CERUBIDINE- daunorubicin hydrochloride injection, powder, for solution
Bedford Laboratories
Rx ONLY
WARNING
Cerubidine must be given into a rapidly flowing intravenous infusion. It must never be given by the intramuscular or subcutaneous route. Severe local tissue necrosis will occur if there is extravasation during administration.

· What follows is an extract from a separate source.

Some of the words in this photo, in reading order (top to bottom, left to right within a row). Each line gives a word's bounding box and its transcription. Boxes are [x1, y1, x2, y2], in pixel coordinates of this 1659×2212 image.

Myocardial toxicity manifested in its most severe form by potentially fatal congestive heart failure may occur either during therapy or months to years after termination of therapy. The incidence of myocardial toxicity increases after a total cumulative dose exceeding 400 to 550 mg/m2 in adults, 300 mg/m2 in children more than 2 years of age, or 10 mg/kg in children less than 2 years of age.

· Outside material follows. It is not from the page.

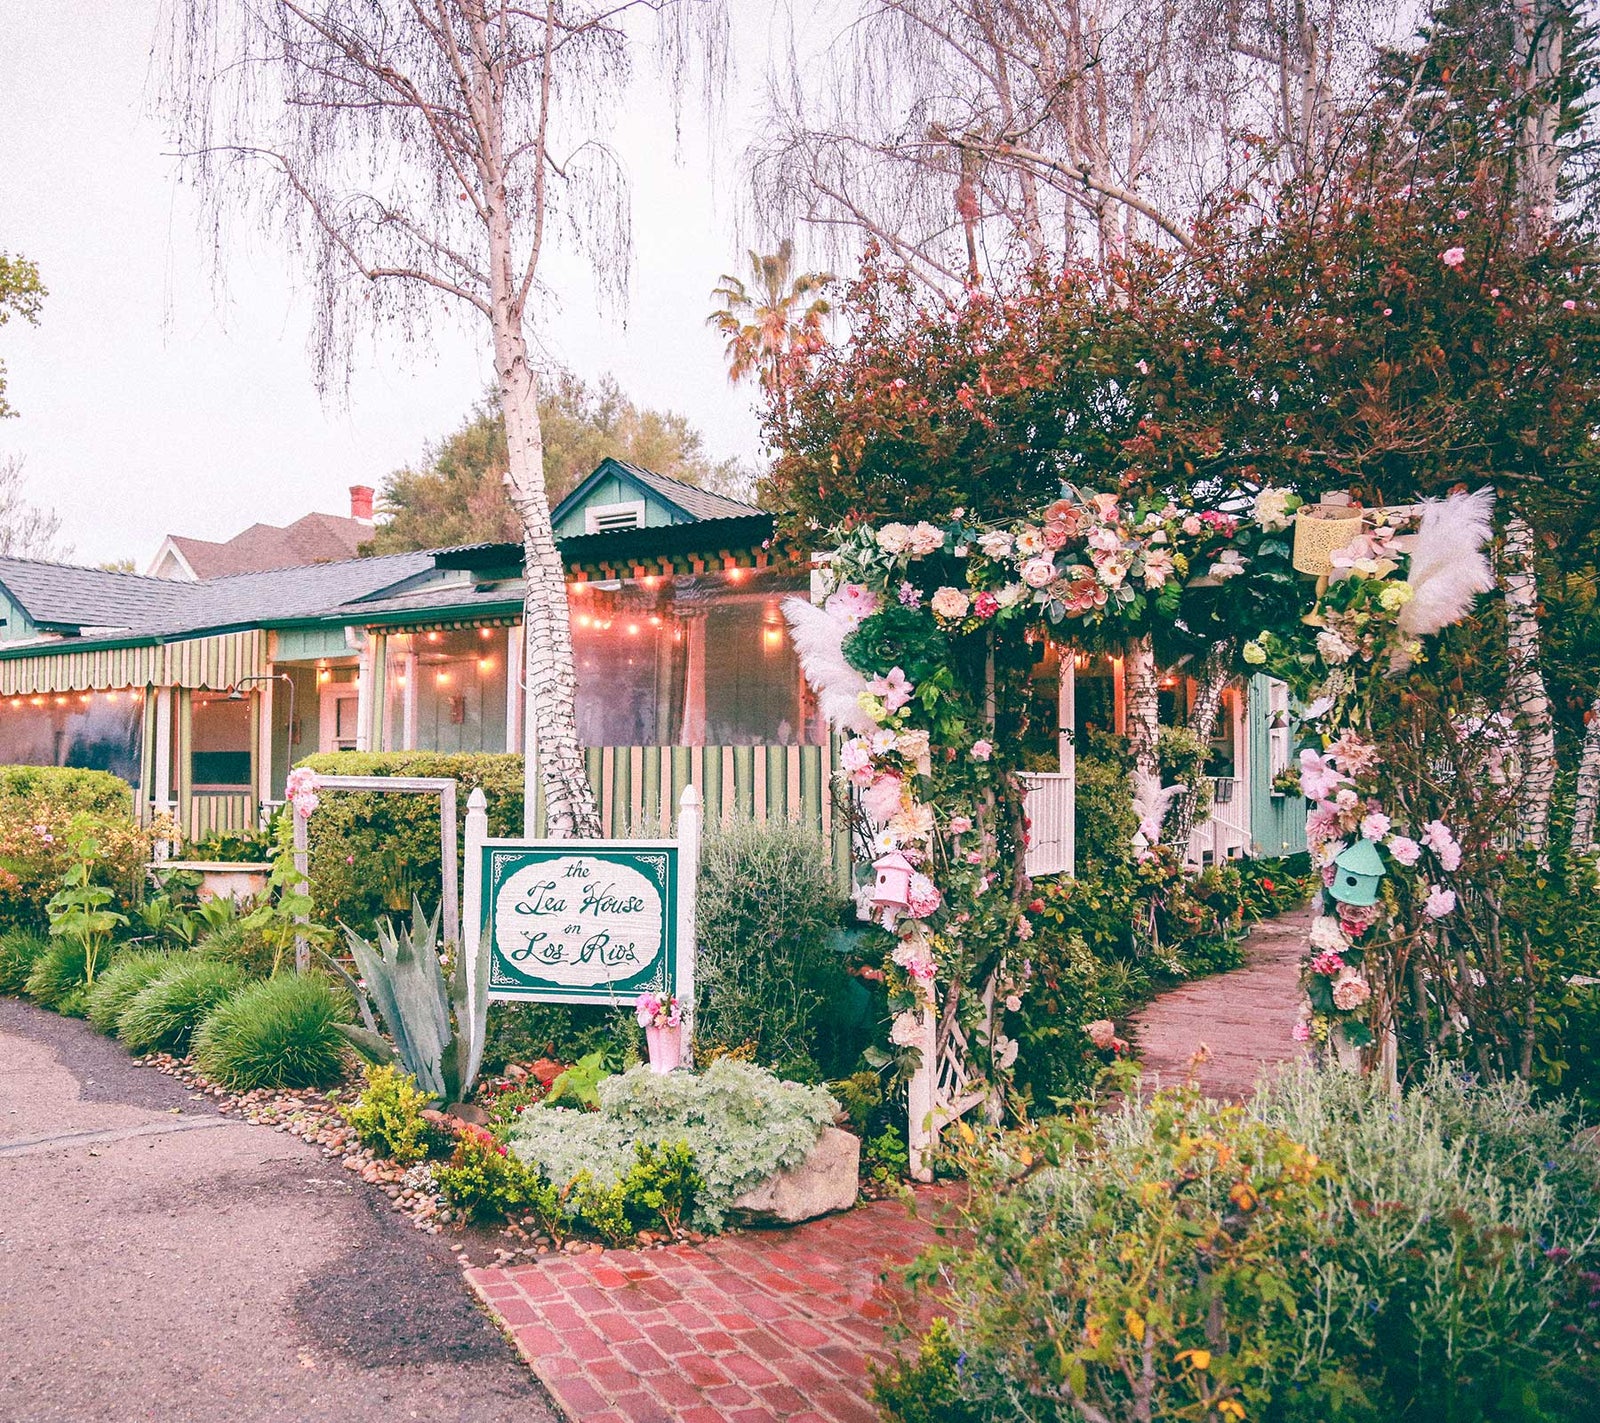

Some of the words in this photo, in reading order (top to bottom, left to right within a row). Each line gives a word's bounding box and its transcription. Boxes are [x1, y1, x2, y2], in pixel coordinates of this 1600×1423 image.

Severe myelosuppression occurs when used in therapeutic doses; this may lead to infection or hemorrhage.
It is recommended that Cerubidine be administered only by physicians who are experienced in leukemia chemotherapy and in facilities with laboratory and supportive resources adequate to monitor drug tolerance and protect and maintain a patient compromised by drug toxicity. The physician and institution must be capable of responding rapidly and completely to severe hemorrhagic conditions and/or overwhelming infection.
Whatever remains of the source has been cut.